There’s been quite a bit of discussion in the world of assistive technology about DictationBridge. As we wind up our fundraising efforts for the project we’d like to take a moment for some clarification. The team and the DictationBridge product has ignited a spark in the assistive technology arena. The team and the product have also taken some criticism.
A few people have taken the view that DictationBridge is about negating other products because the project has mentioned some downsides in other products. DictationBridge is not about bashing Freedom Scientific or any other assistive technology. There are commercial decisions screen reader manufacturers have made which have shaped the adaptive technology ecosystem. And, as end users, we have to live with the consequences of these decisions.
DictationBridge is focusing on what it brings to the table and about creating an inclusive environment. Our initial thought was to focus on NVDA. However, DictationBridge welcomes everyone. We are including Window-eyes, Zoomtext, and jaws users. DictationBridge is bringing speech-recognition support to these environments at no cost for end-users. This is something new in these ecosystems.
For that matter, DictationBridge is future proof. If another screen reader comes along, DictationBridge is architected such that it can be connected to that screen reader via standard Windows data sharing mechanisms such as COM.

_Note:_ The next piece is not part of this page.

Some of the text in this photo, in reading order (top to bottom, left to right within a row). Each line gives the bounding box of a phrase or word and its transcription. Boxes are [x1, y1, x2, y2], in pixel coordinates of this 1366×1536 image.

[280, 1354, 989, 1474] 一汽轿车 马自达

DictationBridge is broadening the user base for speech-recognition. The first way it is doing this is by eliminating the price barrier. Instead of having to spend over $1500 on a solution, assuming you buy it from scratch, you spend $0 and have a working solution using Windows Speech Recognition (WSR) and NVDA.
The second barrier DictationBridge eliminates is one of screen reader preference. You may be a Window Eyes user, A JAWS user, an NV Access user, , or a ZoomText user. You may want to try speech-recognition with your chosen assistive technology. DictationBridge will give you the ability to do just that. You may decide to continue using the solution or decide to switch. Either way, there are no fees involved, no need to worry about renewing software maintenance agreements and no need to write funding applications to your state agency.

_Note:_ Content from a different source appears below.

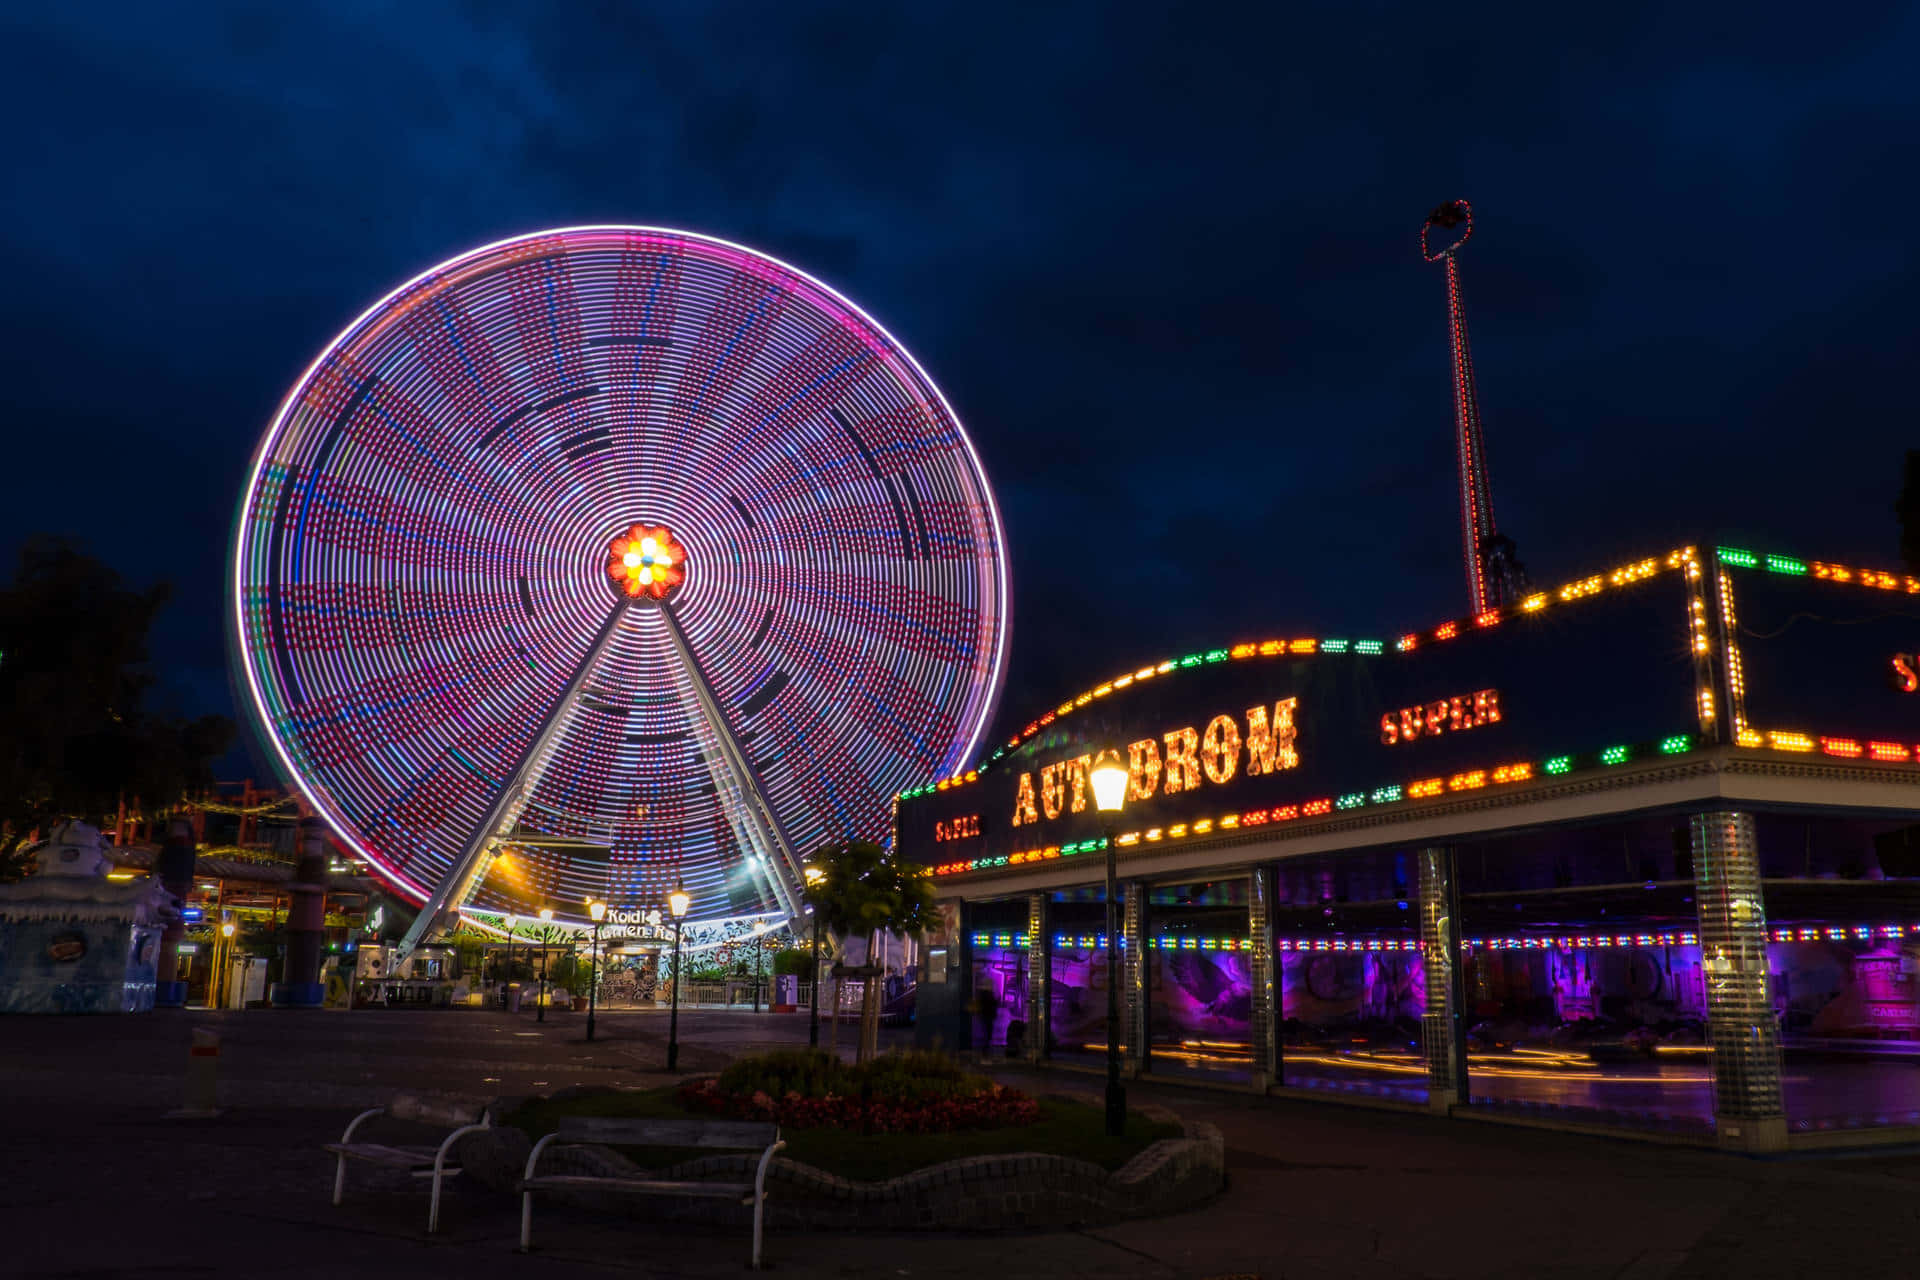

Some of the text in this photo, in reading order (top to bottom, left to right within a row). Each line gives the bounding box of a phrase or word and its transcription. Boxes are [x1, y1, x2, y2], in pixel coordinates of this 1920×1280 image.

[1892, 652, 1920, 692] S
[1381, 688, 1500, 744] SUPER
[1012, 697, 1299, 827] AUTDROM
[608, 909, 646, 923] Koidl

Let us take some examples.
James is a blind entrepreneur but injures his hand and is unable to type. He knows he has to continue working. He has heard of speech-recognition and decides to try it. He has a little bit of vision so he uses ZoomText for magnification and speech. In the current scenario, he does not have a solution. DictationBridge is going to be a generic solution which will talk to ZoomText and WSR or Dragon. Once James recovers, he may continue to use speech-recognition for productivity or he can resume a keyboard only way of working.
Take another example of Ram who has cerebral palsy, CP, and is blind. He lives in a developing country. He goes to a job fair and lands his first job at a hotel doing administrative work. Ram knows he has to type quickly but because of his CP he’s having trouble.

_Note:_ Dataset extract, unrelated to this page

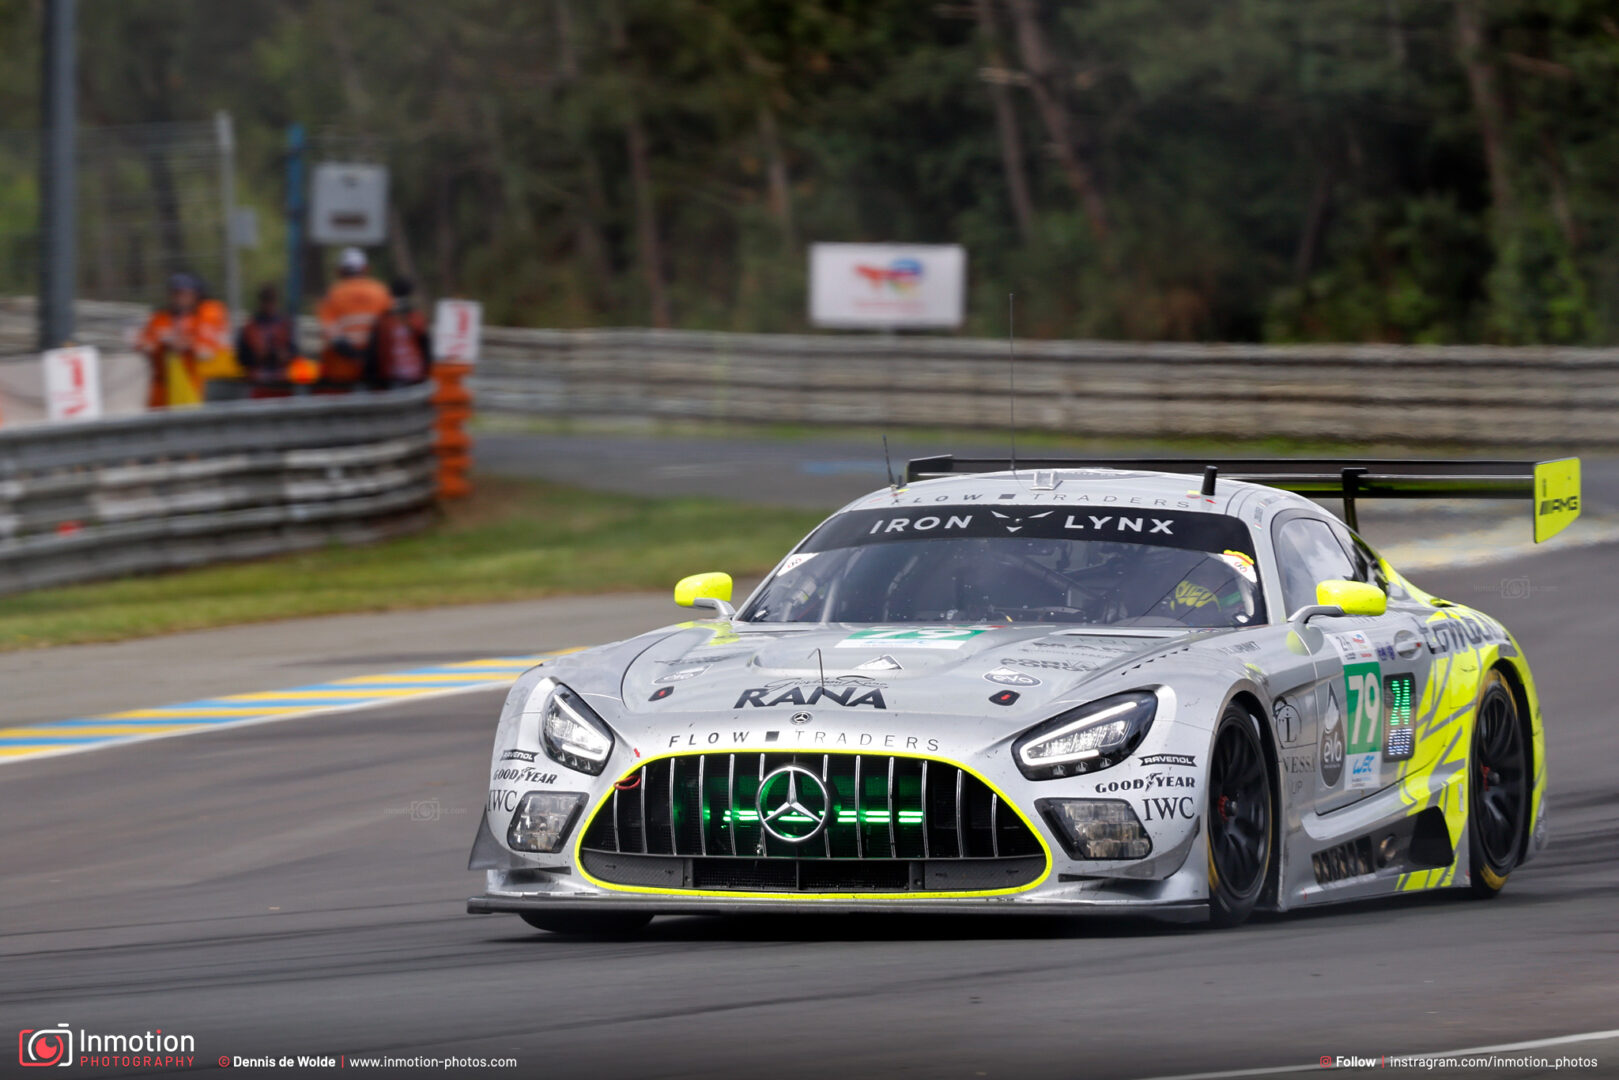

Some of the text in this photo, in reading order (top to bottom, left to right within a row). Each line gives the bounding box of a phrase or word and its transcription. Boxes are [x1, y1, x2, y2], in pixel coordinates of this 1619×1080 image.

Today, he will have to request his employer buy additional software and spend over 100000 rupees to get him up and running and working productively. However, with DictationBridge, all he has to do is ask the IT team to install NVDA and DictationBridge.
Ram is a good worker and rises quickly to become general manager. He now has to use the hotel ERP system which has an add-on that works with Jaws. DictationBridge enabled Ram to begin his career. As a member of the management team he was able to smoothly transition to using DictationBridge with JAWS and Dragon.
DictationBridge was just the tool Ram needed for a chance to enter the workforce.